Figure 1. (a) Editing scheme for HERCULES-2 with a wider-band lobe at 4.04 ppm and narrow-band lobes at 1.9 and 4.58 ppm; (b) corresponding editing waveforms; (c) pulse sequence diagram for HERCULES-2 with semi-LASER. Excitation was performed using the frequency-modulated pulse. Refocusing was performed using two pairs of broadband adiabatic GOIA pulses with amplitude and frequency modulation. Gx, Gy, and Gz are gradients in the x, y, and z directions respectively.

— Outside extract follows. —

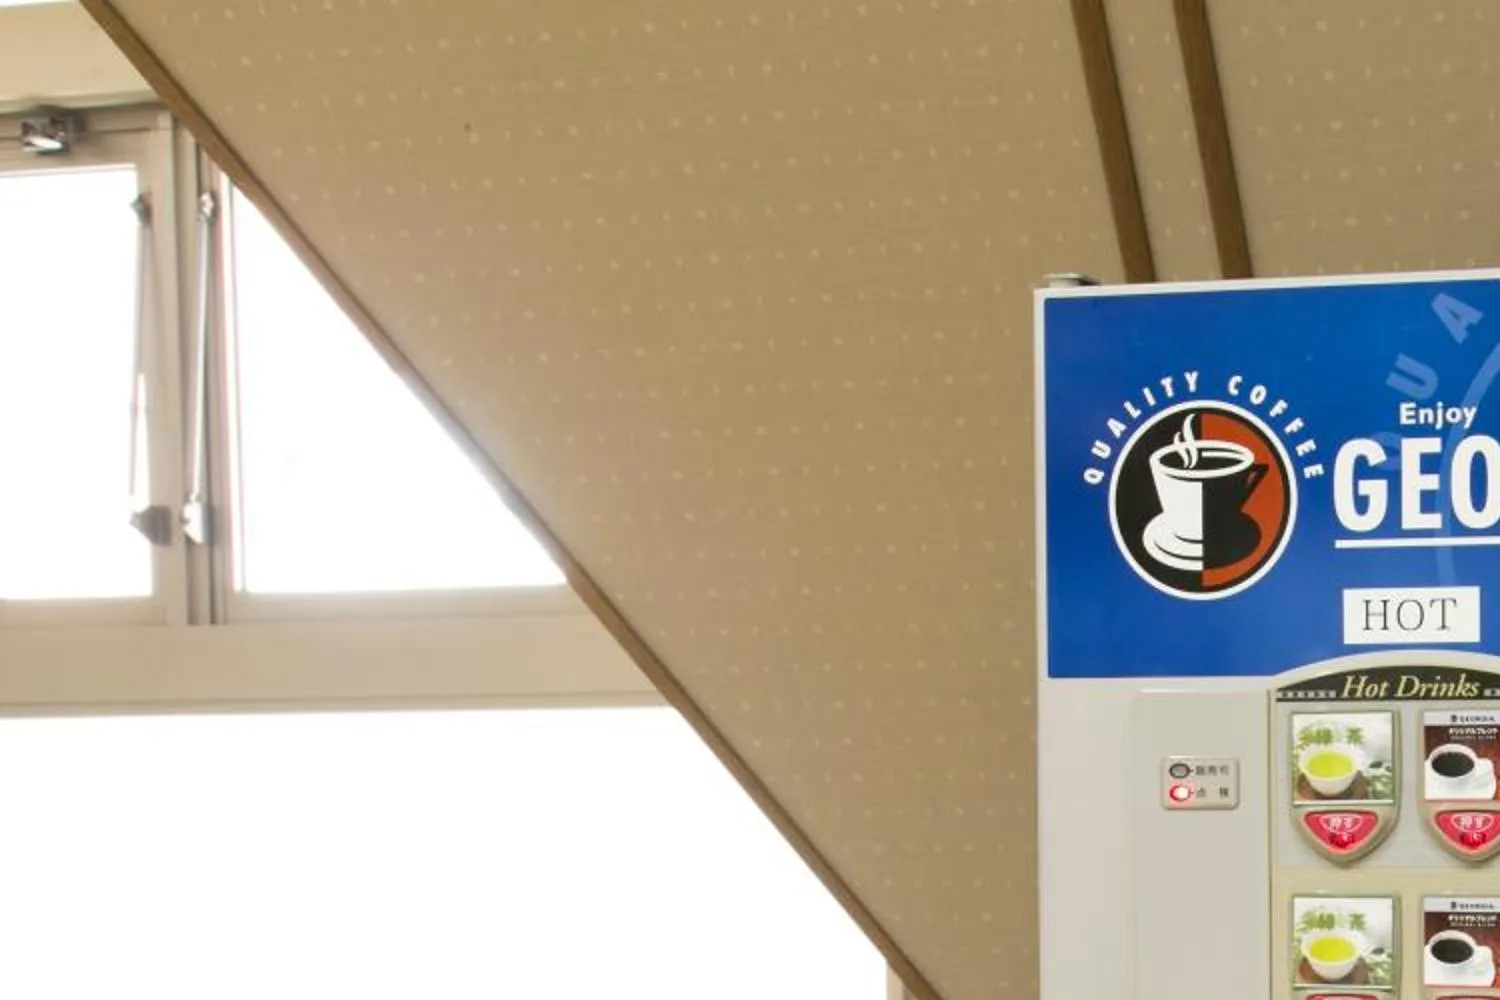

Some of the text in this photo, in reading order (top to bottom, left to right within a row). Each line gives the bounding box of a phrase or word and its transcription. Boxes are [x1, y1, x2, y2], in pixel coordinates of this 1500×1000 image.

Figure 2. Location of the 27-mL voxel in the medial parietal lobe.

Figure 3. Signal intensities of Asc, GABA, Asp and Lac across B1 variations based on PRESS and semi-LASER localization.

Figure 4. (a) An example of the sub-spectra acquired with semi-LASER localization, (b) sub-spectra acquired with PRESS localization and (c) in vivo average sum and edited spectra from the HERCULES-2 editing scheme acquired with PRESS (black) and semi-LASER (blue). The Hadamard combinations for the sum (A+B+C+D), GABA-edited (-A-B+C+D) and GSH-edited (A-B+C-D) spectra are shown.

Table 1. Comparison of signal ratios between HERCULES-1 and 2 with PRESS localization using 21 points simulations, and between HERCULES-2 PRESS and semi-LASER using voxel center simulations.